• [Task description]
Without any pictures, output the records exactly as they are.

• [The data]
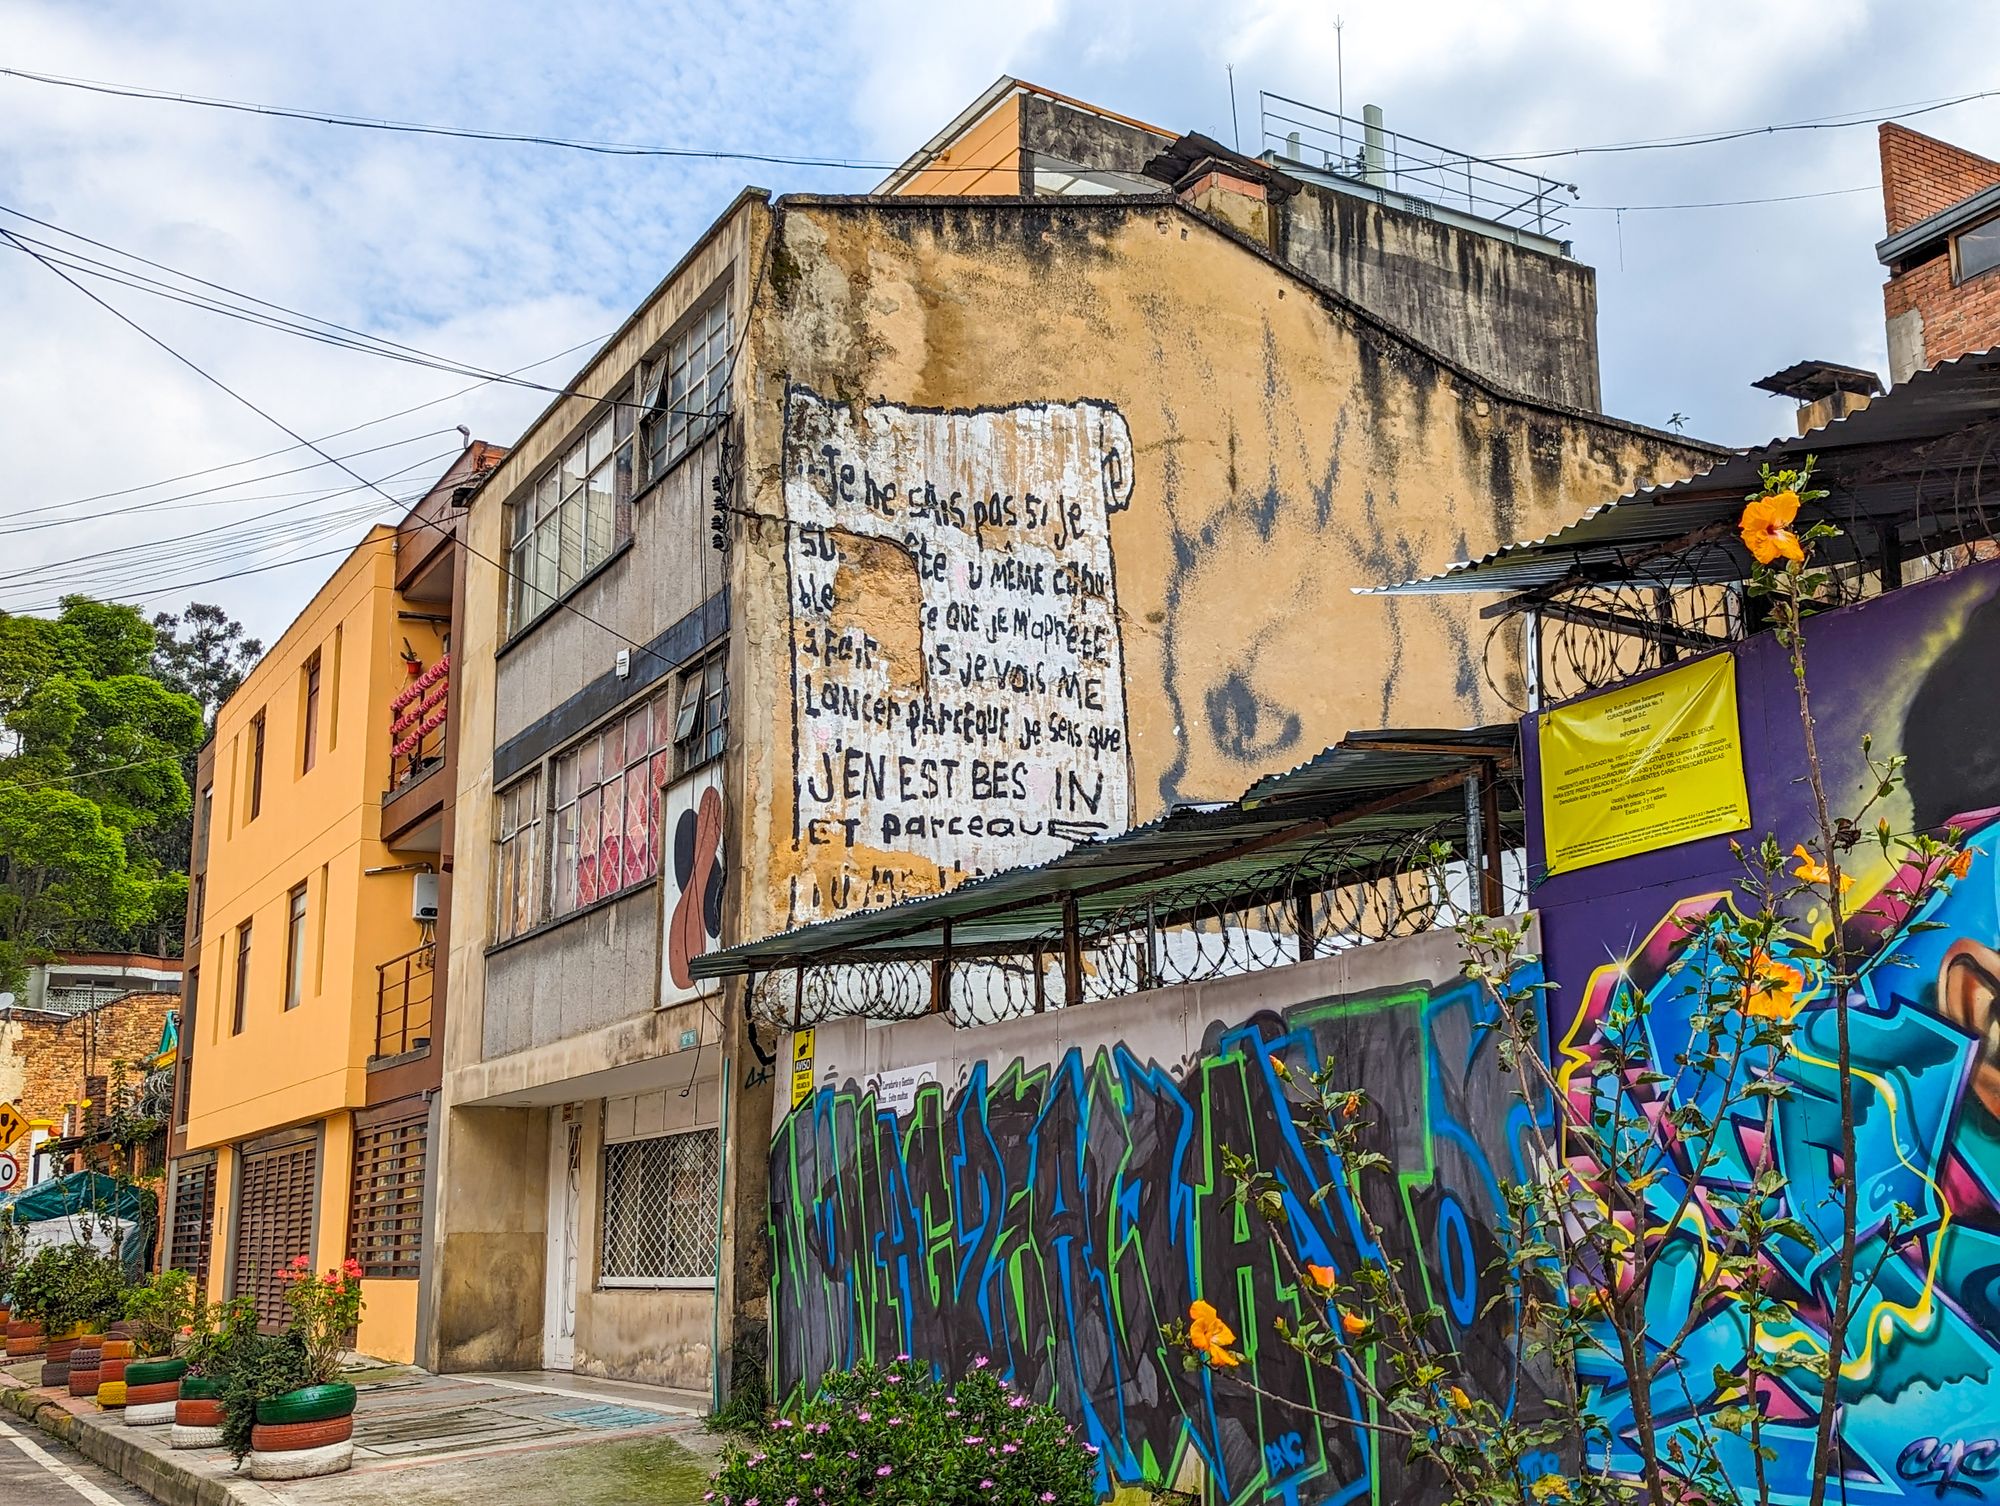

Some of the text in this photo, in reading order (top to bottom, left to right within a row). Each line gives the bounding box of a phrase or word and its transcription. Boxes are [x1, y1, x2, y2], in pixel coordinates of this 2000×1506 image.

[973, 492, 1018, 552] pas
[1057, 665, 1105, 711] ME
[899, 756, 960, 801] EST
[796, 1060, 810, 1070] AVISO

• [Written reply]
Some of the text in this photo, in reading order (top to bottom, left to right within a row). Each line gives the bounding box of a phrase or word and its transcription. Boxes are [x1, y1, x2, y2], in pixel coordinates of this 2000×1506 image.

[973, 492, 1018, 552] pas
[1057, 665, 1105, 711] ME
[899, 756, 960, 801] EST
[796, 1060, 810, 1070] AVISO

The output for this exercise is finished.